Work task: Your answer must be the full listing below, repeated exactly, with no pictures in it.

Task inputs:
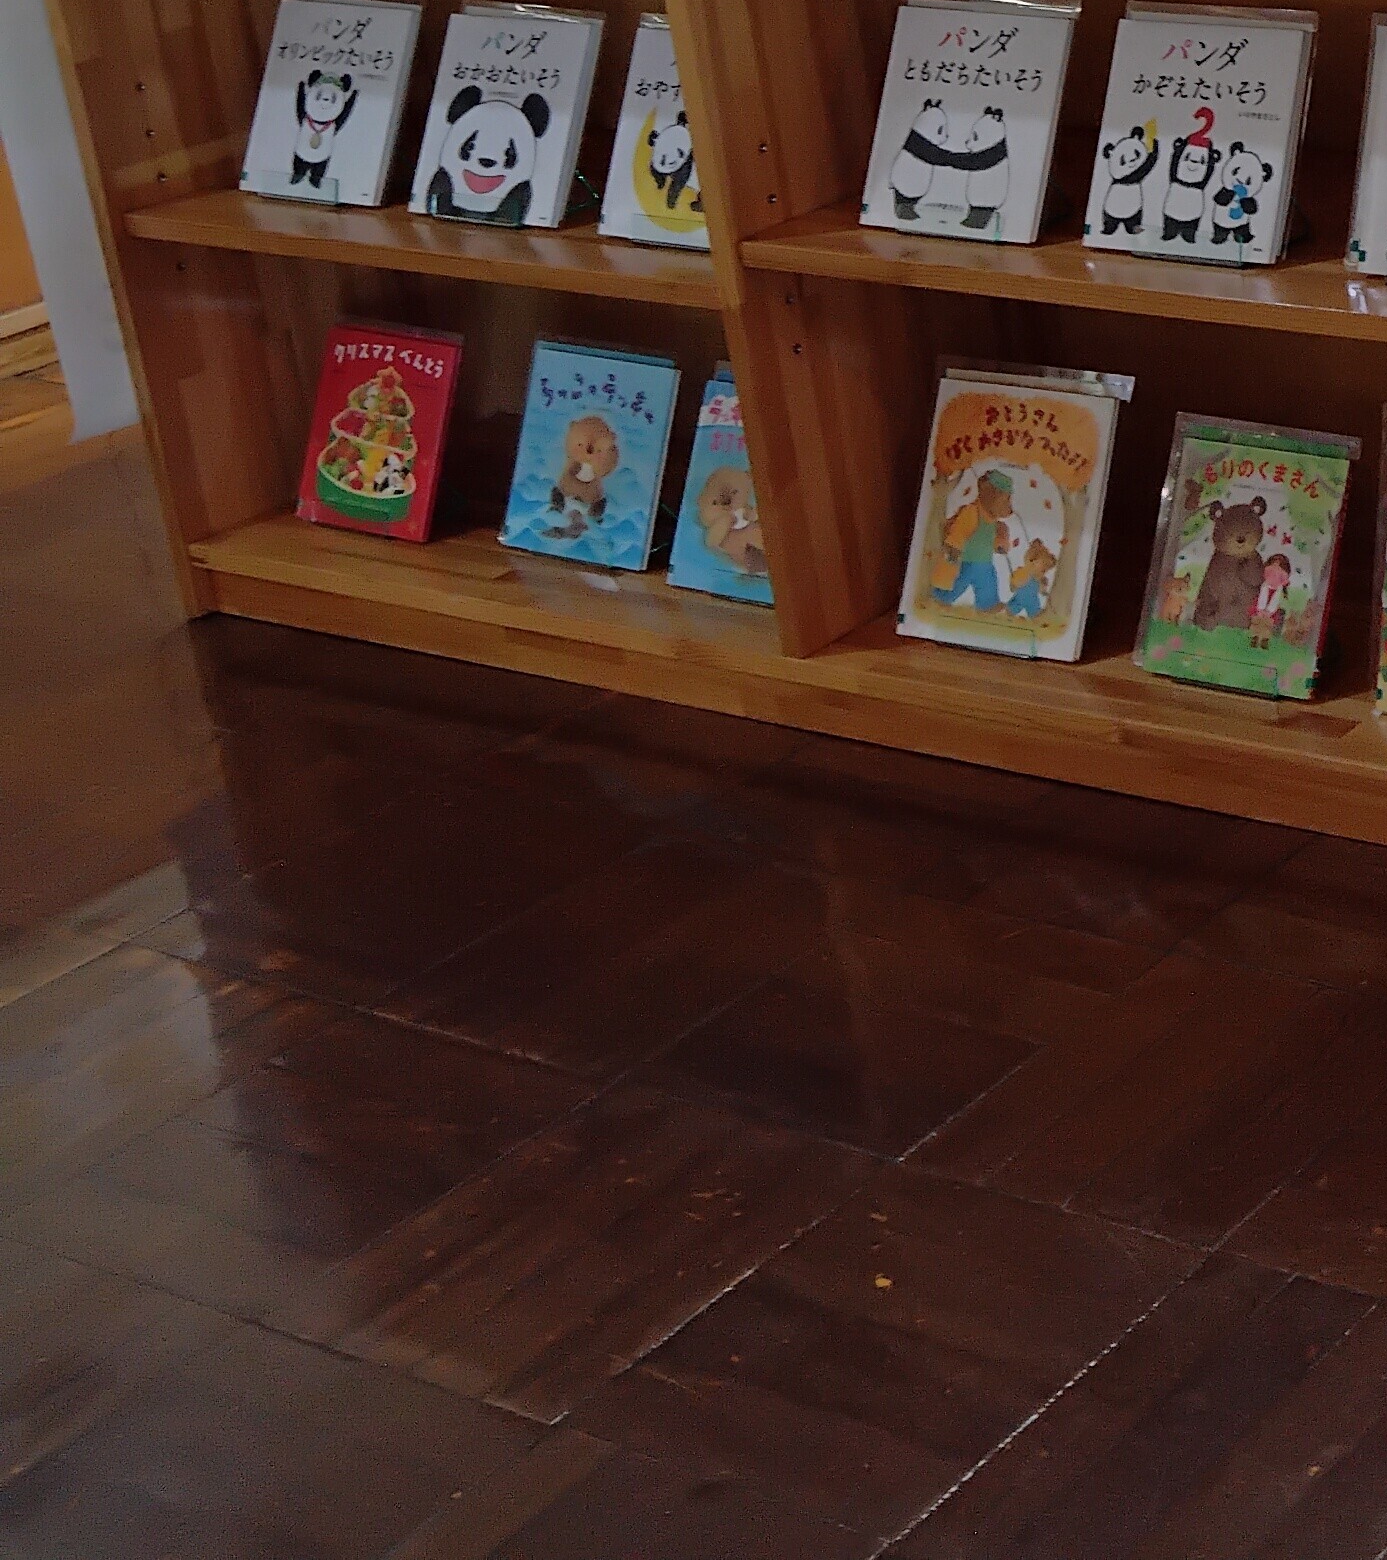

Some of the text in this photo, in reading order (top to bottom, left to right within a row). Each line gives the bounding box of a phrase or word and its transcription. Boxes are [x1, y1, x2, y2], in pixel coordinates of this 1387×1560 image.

[480, 30, 549, 60] パンダ
[939, 25, 1020, 59] パンダ
[1161, 38, 1250, 72] パンダ
[453, 62, 561, 90] おかおたいそう
[904, 58, 1044, 93] ともだちたいそう
[1131, 73, 1267, 105] かぞえたいそう
[1203, 459, 1321, 500] もりのくまさん
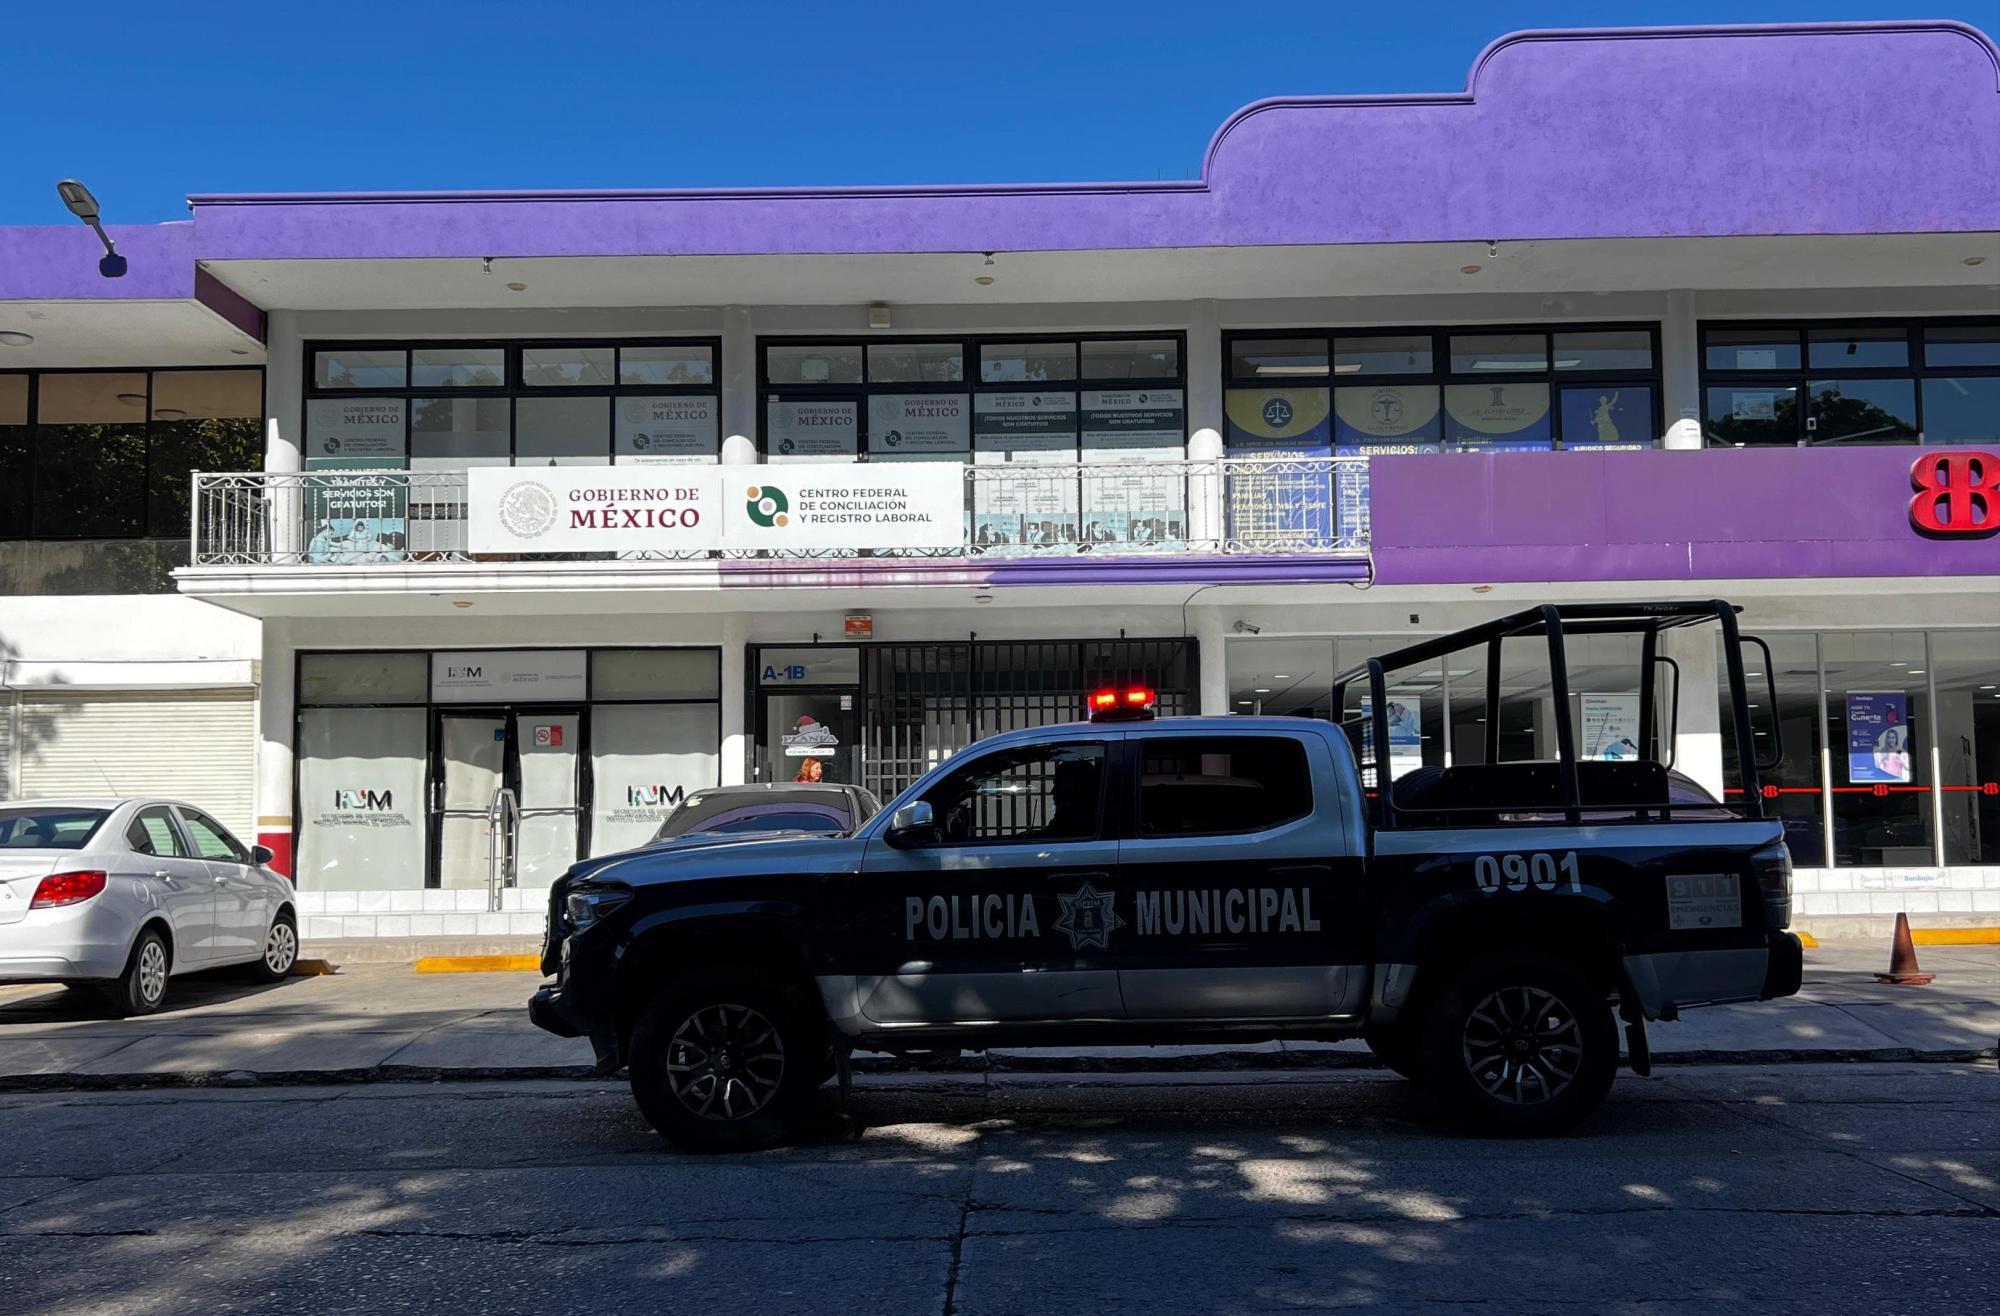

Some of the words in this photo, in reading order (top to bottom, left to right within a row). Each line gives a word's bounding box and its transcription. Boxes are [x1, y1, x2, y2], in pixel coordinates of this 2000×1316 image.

[653, 408, 707, 420] MÉXICO
[905, 406, 959, 417] MÉXICO
[344, 413, 399, 424] MÉXICO
[798, 414, 853, 426] MÉXICO
[1359, 445, 1418, 455] SERVICIOS:
[322, 489, 372, 498] SERVICIOS
[374, 489, 395, 497] SON
[569, 488, 669, 501] GOBIERNO
[675, 488, 699, 501] DE
[799, 488, 849, 498] CENTRO
[853, 488, 908, 498] FEDERAL
[330, 500, 386, 508] GRATUITOS!
[800, 502, 816, 510] DE
[820, 498, 907, 510] CONCILIACIÓN
[569, 503, 700, 528] MÉXICO
[800, 514, 808, 523] Y
[811, 514, 872, 523] REGISTRO
[876, 513, 932, 523] LABORAL
[762, 666, 805, 681] A-1B
[1475, 851, 1582, 893] 0901
[906, 894, 1040, 940] POLICIA
[1136, 887, 1321, 935] MUNICIPAL
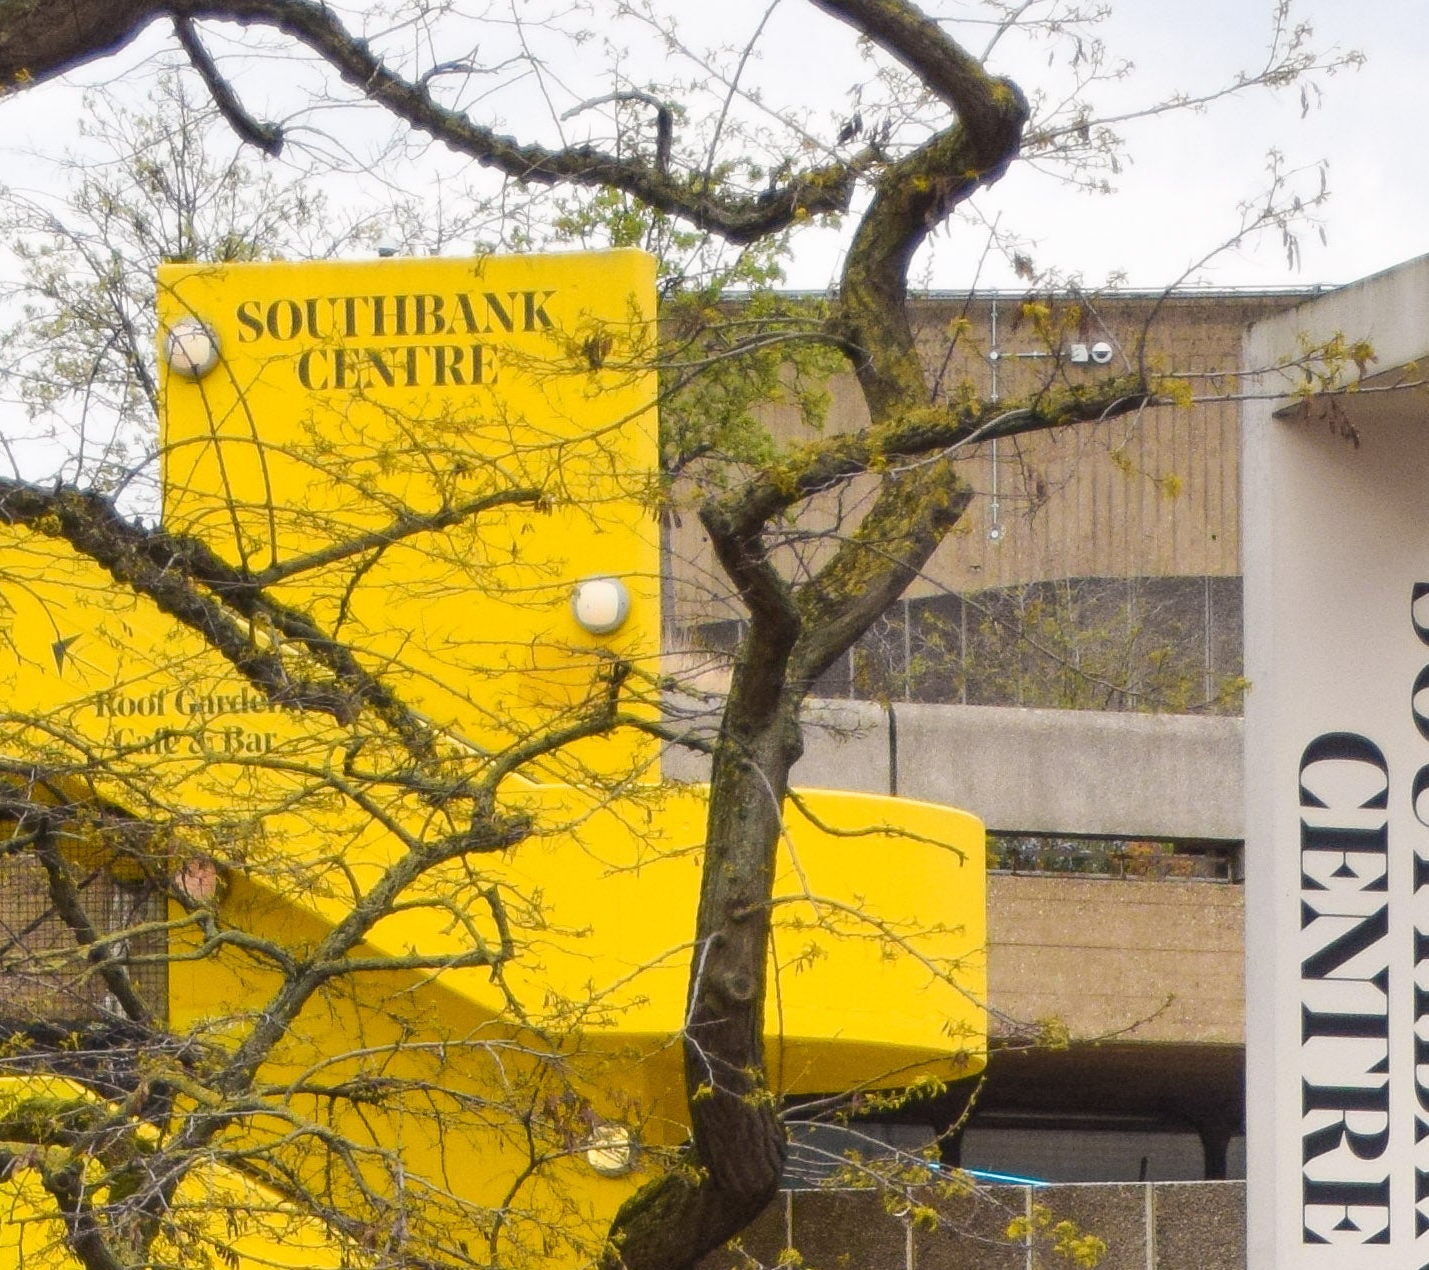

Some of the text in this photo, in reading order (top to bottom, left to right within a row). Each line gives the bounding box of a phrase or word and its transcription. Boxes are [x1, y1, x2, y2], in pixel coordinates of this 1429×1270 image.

[236, 289, 558, 343] SOUTHBANK
[298, 344, 499, 391] CENTRE
[95, 689, 168, 718] Roof
[223, 726, 277, 754] Bar
[1299, 731, 1391, 1246] CENTRE
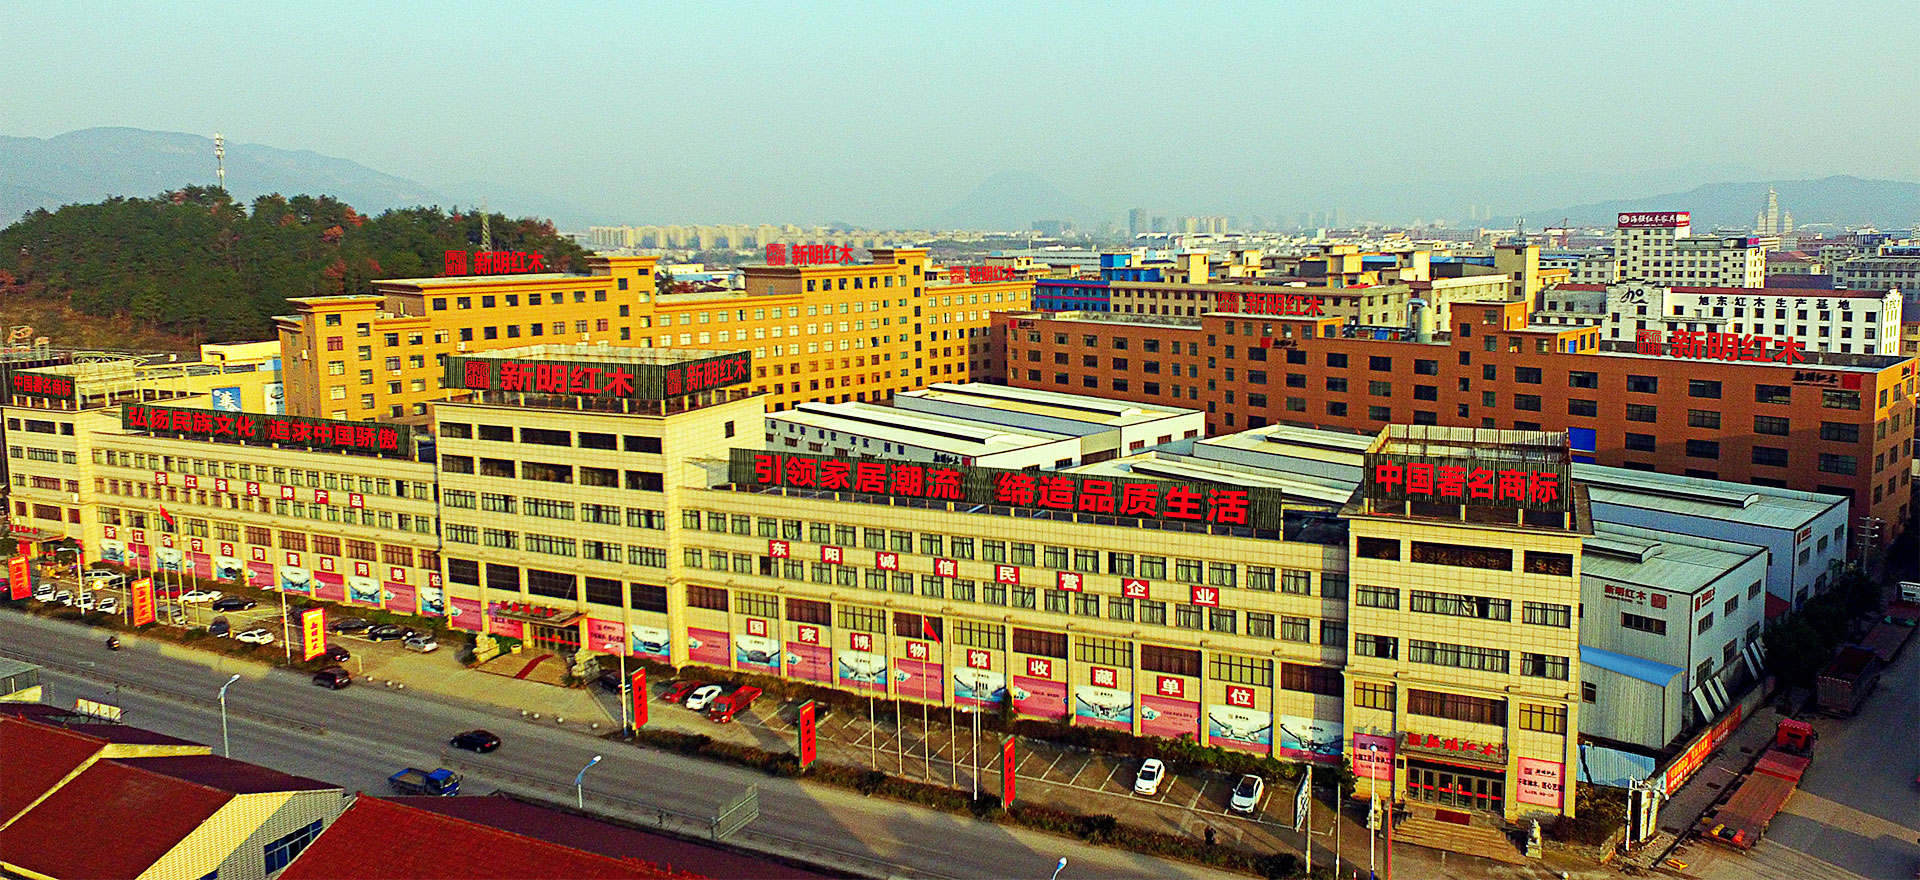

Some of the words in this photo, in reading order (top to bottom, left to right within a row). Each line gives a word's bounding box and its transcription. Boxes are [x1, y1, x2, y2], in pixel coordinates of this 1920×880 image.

[474, 250, 545, 275] 新明红木
[791, 243, 854, 266] 新明红木
[969, 264, 1017, 283] 新明红木
[1245, 291, 1324, 317] 新明红木
[1698, 295, 1851, 311] 旭东红木生产基地
[1670, 328, 1806, 366] 新明红木
[13, 373, 72, 397] 中国著名商标
[500, 361, 635, 398] 新明红木
[686, 356, 747, 392] 新明红木
[128, 406, 256, 437] 弘扬民族文化
[269, 418, 399, 450] 追求中国骄傲
[754, 454, 962, 500] 引领家居潮流
[997, 471, 1249, 525] 缔造品质生活
[1375, 459, 1558, 503] 中国著名商标
[771, 542, 1216, 605] 东阳诚信民营企业
[750, 620, 1252, 705] 国家博物馆收藏单位

Task output:
Some of the text in this photo, in reading order (top to bottom, left to right within a row). Each line gives the bounding box of a phrase or word and its transcription. Boxes are [x1, y1, x2, y2], in pixel coordinates of this 1387×1560 image.

[480, 30, 549, 60] パンダ
[939, 25, 1020, 59] パンダ
[1161, 38, 1250, 72] パンダ
[453, 62, 561, 90] おかおたいそう
[904, 58, 1044, 93] ともだちたいそう
[1131, 73, 1267, 105] かぞえたいそう
[1203, 459, 1321, 500] もりのくまさん

Some of the words in this photo, in reading order (top to bottom, left to right within a row). Each line gives a word's bounding box and its transcription. Boxes are [x1, y1, x2, y2], in pixel coordinates of this 2000×1316 image.

[653, 408, 707, 420] MÉXICO
[905, 406, 959, 417] MÉXICO
[344, 413, 399, 424] MÉXICO
[798, 414, 853, 426] MÉXICO
[1359, 445, 1418, 455] SERVICIOS:
[322, 489, 372, 498] SERVICIOS
[374, 489, 395, 497] SON
[569, 488, 669, 501] GOBIERNO
[675, 488, 699, 501] DE
[799, 488, 849, 498] CENTRO
[853, 488, 908, 498] FEDERAL
[330, 500, 386, 508] GRATUITOS!
[800, 502, 816, 510] DE
[820, 498, 907, 510] CONCILIACIÓN
[569, 503, 700, 528] MÉXICO
[800, 514, 808, 523] Y
[811, 514, 872, 523] REGISTRO
[876, 513, 932, 523] LABORAL
[762, 666, 805, 681] A-1B
[1475, 851, 1582, 893] 0901
[906, 894, 1040, 940] POLICIA
[1136, 887, 1321, 935] MUNICIPAL

Some of the text in this photo, in reading order (top to bottom, left to right within a row). Each line gives the bounding box of a phrase or word and its transcription. Boxes are [x1, y1, x2, y2], in pixel coordinates of this 1429×1270 image.

[236, 289, 558, 343] SOUTHBANK
[298, 344, 499, 391] CENTRE
[95, 689, 168, 718] Roof
[223, 726, 277, 754] Bar
[1299, 731, 1391, 1246] CENTRE

Some of the words in this photo, in reading order (top to bottom, left to right within a row). Each line gives a word's bounding box and its transcription. Boxes are [x1, y1, x2, y2], in pixel coordinates of this 1920×880 image.

[474, 250, 545, 275] 新明红木
[791, 243, 854, 266] 新明红木
[969, 264, 1017, 283] 新明红木
[1245, 291, 1324, 317] 新明红木
[1698, 295, 1851, 311] 旭东红木生产基地
[1670, 328, 1806, 366] 新明红木
[13, 373, 72, 397] 中国著名商标
[500, 361, 635, 398] 新明红木
[686, 356, 747, 392] 新明红木
[128, 406, 256, 437] 弘扬民族文化
[269, 418, 399, 450] 追求中国骄傲
[754, 454, 962, 500] 引领家居潮流
[997, 471, 1249, 525] 缔造品质生活
[1375, 459, 1558, 503] 中国著名商标
[771, 542, 1216, 605] 东阳诚信民营企业
[750, 620, 1252, 705] 国家博物馆收藏单位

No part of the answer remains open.